According to a report last year by the National Institute for Transforming India (NITI) Aayog (Hindi for Policy Commission), ‘600 million people in India face high to extreme water stress’. The same report also stressed that around ‘three-fourth of the households in the country do not have drinking water at their premise’.

At a time when millions struggle to access clean water, Prime Minister Narendra Modi has promised that piped water will reach all Indian homes in the countryside by 2024. However, with reports that 21 Indian cities will run out of groundwater by 2020, affecting 100 million people, there are increasing fears that the efforts will not be enough.

These ongoing water crises are global. Nearly half of the human population suffers from water scarcity, and thus individuals are prevented from fulfilling their drinking, cooking and sanitation needs. Around the world, 780 000 people die each year due to inadequate water and access to sanitation.

Chennai, India’s sixth-largest city of 9 million, is close to running out of water. Chembarambakkam Lake, one of the city’s biggest reservoirs, is now an area of cracked mud. A pipe which is supposed to take water to the city is completely dry, and with trains arriving every few days to supply emergency water, the issue of class divide is consistently stark.

For residents who can afford to, water can be purchased from private tankers who have carried it from borewells located beyond the city. However, those who are less fortunate must queue in the early hours of the morning in the hope of accessing emergency water.

In recent decades, India has made improvements to both the availability and quality of its drinking water systems. Yet water resource planning has been impacted by the country’s increasingly large population, and therefore rural areas have been left out. The extent of rapid growth in India’s urban areas has also meant that government solutions have been stretched, which has increased over-privatisation.

Chennai depends on the fall monsoon to provide half the city’s annual rainfall. Last December, the rainfall ended early and the city remained dry for more than 200 days. On June 20, the city which is suffering from its worst water crisis in 70 years, finally received some rain. However, this delayed monsoon turned out to be a disappointing light shower.

Therefore, India’s annual monsoon, which provides around 75% of the country’s rainfall, is becoming less reliable. Prolonged dry spells and erratic monsoons over the past few years have devastated farmers and allowed reservoirs to become non-existent. The monsoon traditionally brings heavy rain to South Asia between June and October but, particularly in recent years, has at times failed to show up altogether.

Additionally, the heavy monsoon rains unfortunately neither solve or aid the water crisis, as the recent floods have simply prevented the transportation of goods.

Reasons behind the problem of water scarcity include the inefficient use of water for agriculture, the release of chemicals and effluents into rivers, streams and ponds as well as a lack of efficient management and distribution.

Not only this, but India can still be identified as a water-surplus country, receiving enough rain annually to meet the needs of its increasingly large population. Theoretically, the level of rain which India receives every year is enough to satisfy the needs of over a billion people.

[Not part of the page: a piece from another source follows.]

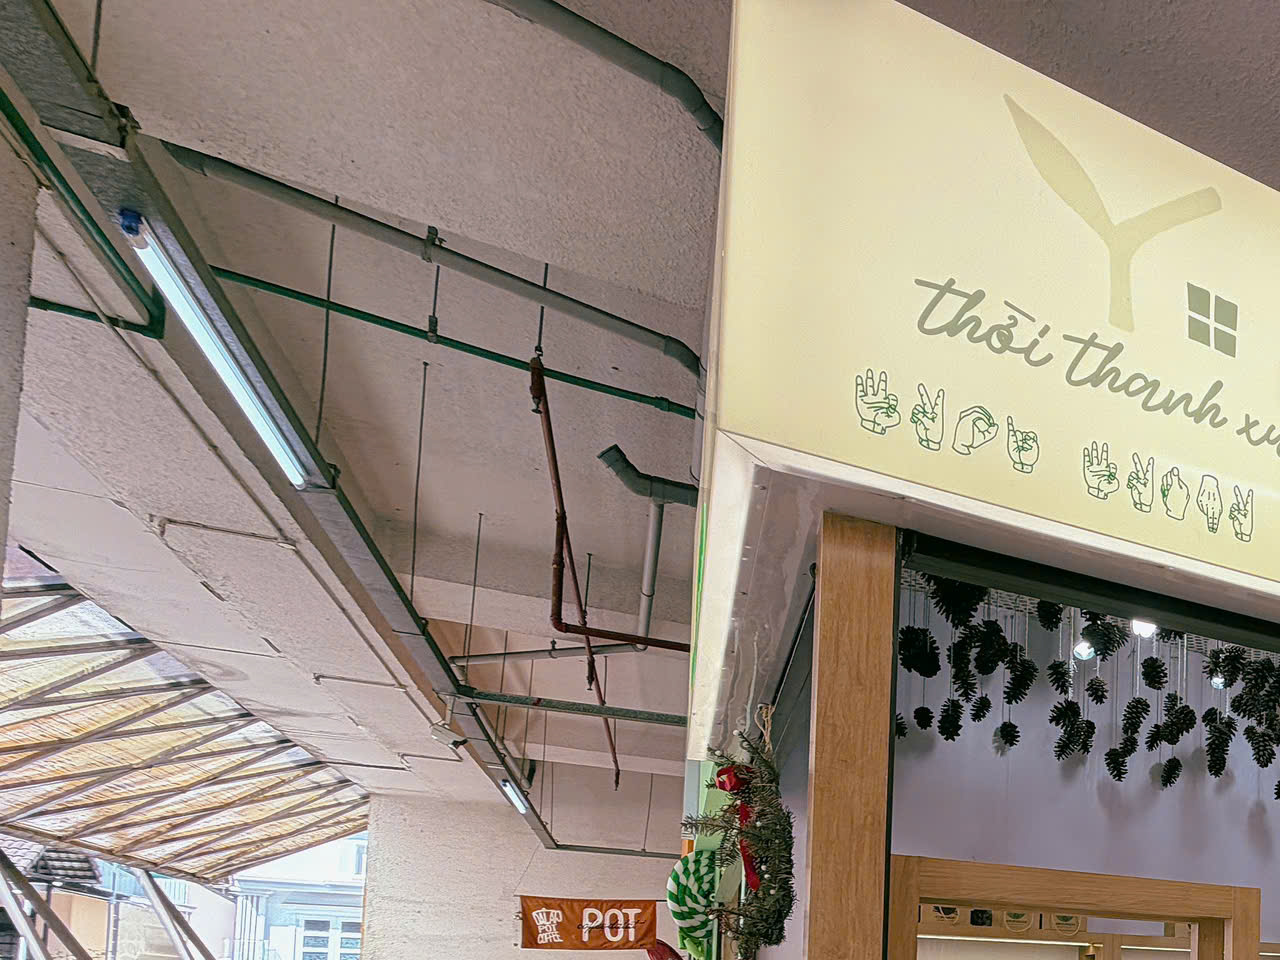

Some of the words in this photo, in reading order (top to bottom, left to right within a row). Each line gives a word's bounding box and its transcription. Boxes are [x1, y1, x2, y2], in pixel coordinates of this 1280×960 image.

[1062, 331, 1229, 428] thanh
[537, 923, 558, 934] POT
[581, 907, 642, 942] POT

According to the Central Water Commission, India receives 4,000 billion cubic meters of rain annually, yet only around 3,000 billion cubic meters of water each year is required. The primary issue, therefore, lies with how much of the rain is captured, with estimations placing the number at only 8% – among the lowest in the world.

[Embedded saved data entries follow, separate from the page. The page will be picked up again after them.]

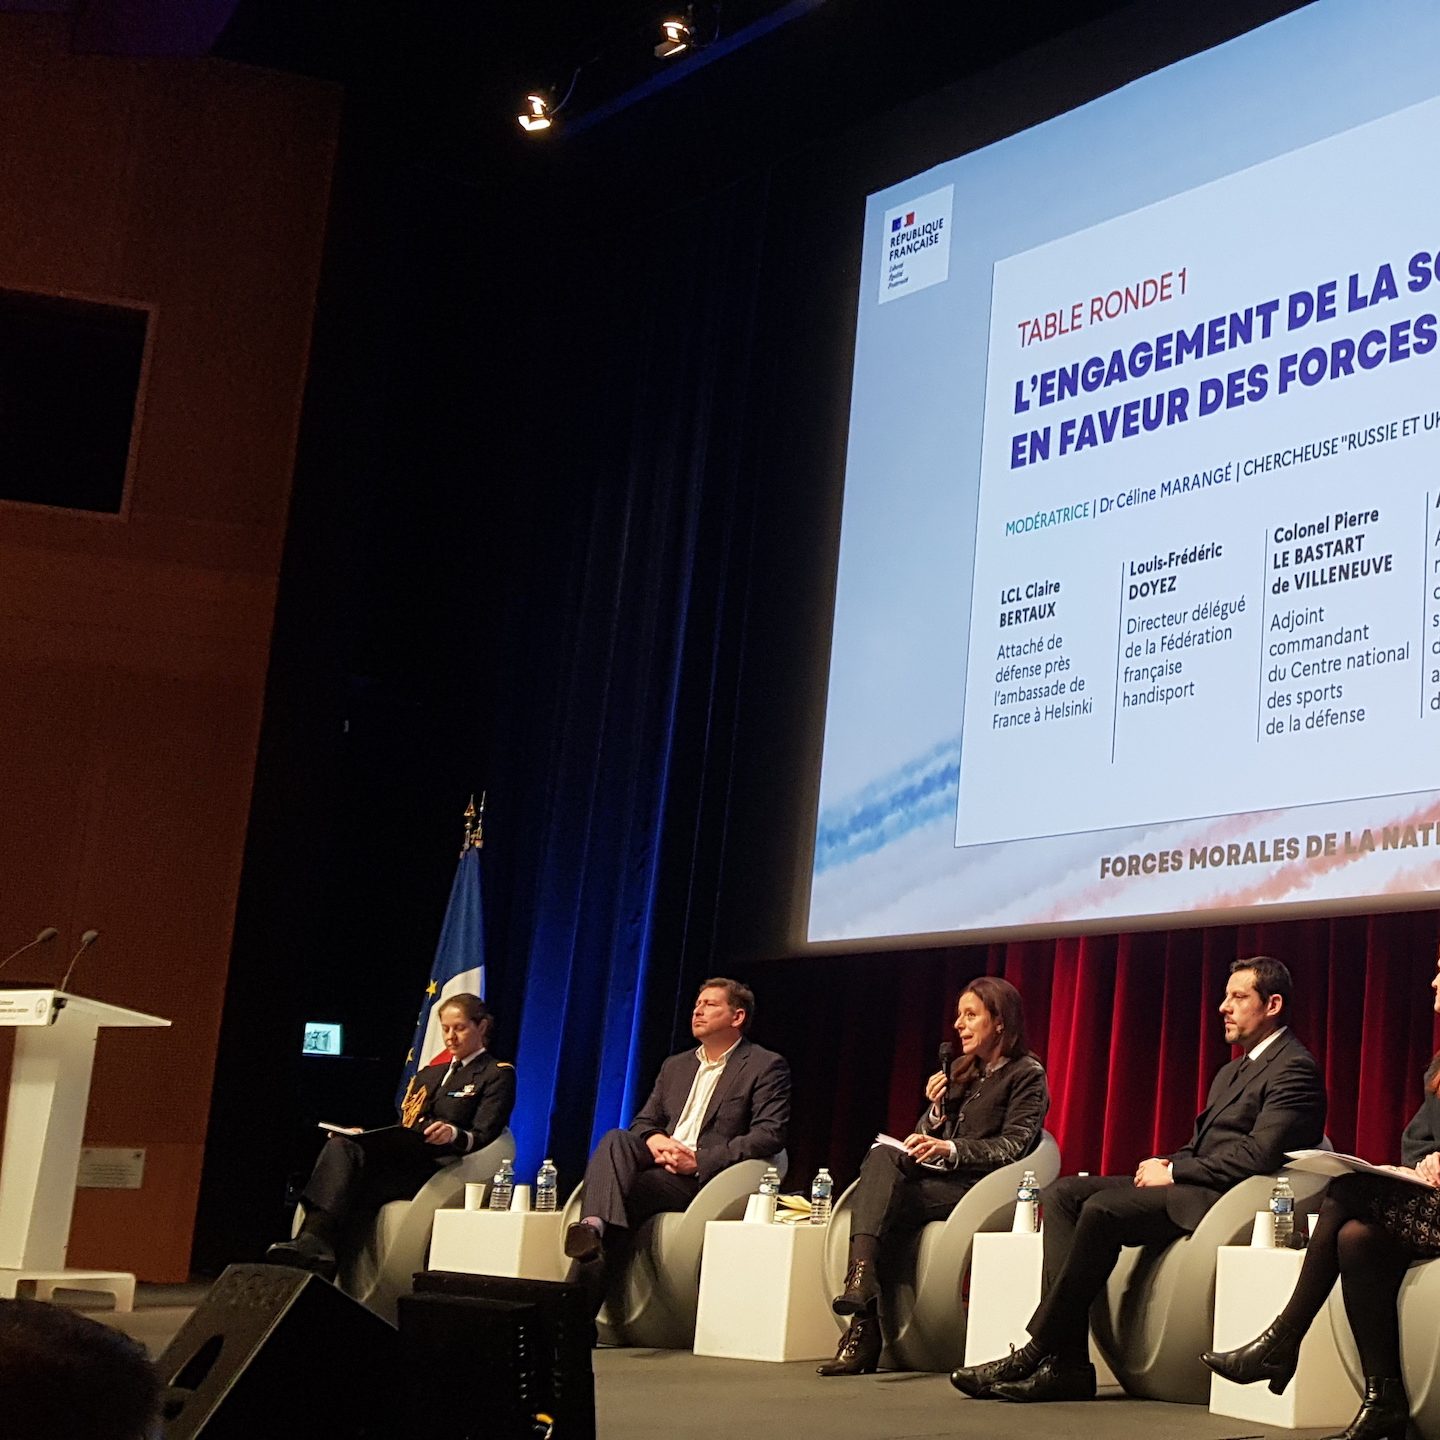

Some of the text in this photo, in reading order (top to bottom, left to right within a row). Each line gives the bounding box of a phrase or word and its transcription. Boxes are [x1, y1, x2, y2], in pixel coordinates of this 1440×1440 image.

[889, 233, 939, 261] FRANÇAISE
[890, 217, 944, 248] RÉPUBLIQUE
[1018, 267, 1186, 348] TABLE RONDE 1
[1288, 280, 1337, 331] DE
[1348, 263, 1399, 312] LA
[1010, 426, 1051, 470] EN
[1059, 388, 1189, 456] FAVEUR
[1199, 366, 1268, 417] DES
[1278, 314, 1437, 395] FORCES
[1006, 502, 1090, 536] MODÉRATRICE
[1100, 497, 1114, 513] Dr
[1116, 488, 1156, 508] Céline
[1160, 464, 1232, 498] MARANGÉ
[1243, 437, 1338, 476] CHERCHEUSE
[1402, 416, 1420, 436] ET
[1274, 510, 1379, 544] Colonel Pierre
[1130, 542, 1222, 576] Louis-Frédéric
[1274, 534, 1365, 570] LE BASTART
[1129, 575, 1176, 600] DOYEZ
[1272, 554, 1392, 594] de VILLENEUVE
[1001, 580, 1060, 605] LCL Claire
[1000, 601, 1056, 628] BERTAUX
[1127, 595, 1246, 635] Directeur délégué
[1270, 607, 1324, 633] Adjoint
[996, 634, 1062, 660] Attaché de
[1125, 626, 1232, 658] de la Fédération
[1269, 624, 1369, 656] commandant
[995, 656, 1070, 683] défense près
[1124, 659, 1182, 680] française
[1268, 641, 1409, 682] du Centre national
[1070, 676, 1085, 692] de
[1122, 682, 1195, 707] handisport
[1267, 684, 1342, 709] des sports
[992, 697, 1092, 729] France à Helsinki
[1266, 708, 1365, 735] de la défense
[1100, 850, 1183, 879] FORCES
[1189, 838, 1300, 870] MORALES
[1306, 834, 1338, 858] DE
[1344, 830, 1376, 854] LA

Therefore, although some areas of India experience a relatively wet climate, due to the lack of rain catchment programs, most of the water is wasted and unable to be used. Thus, in various areas, rain harvesting could be one solution, as collected water could be used for agriculture and human consumption with improved filtration practices.

Rather than turning to local solutions, governments are consistently turning to large-scale projects including linking remote rivers and constructing mega-dams. But, these ongoing problems of water scarcity are local, and therefore need local solutions.

Ultimately, to stand a chance of surviving the current climate breakdown, India needs a collective power of small-scale efforts. One example of such efforts lies in the Kumbharwadi watershed of the western Indian state of Maharashtra, in which a program engaged the local population in land-sculpting and tree-planting to capture water. As a result, groundwater levels rose, and agricultural income increased.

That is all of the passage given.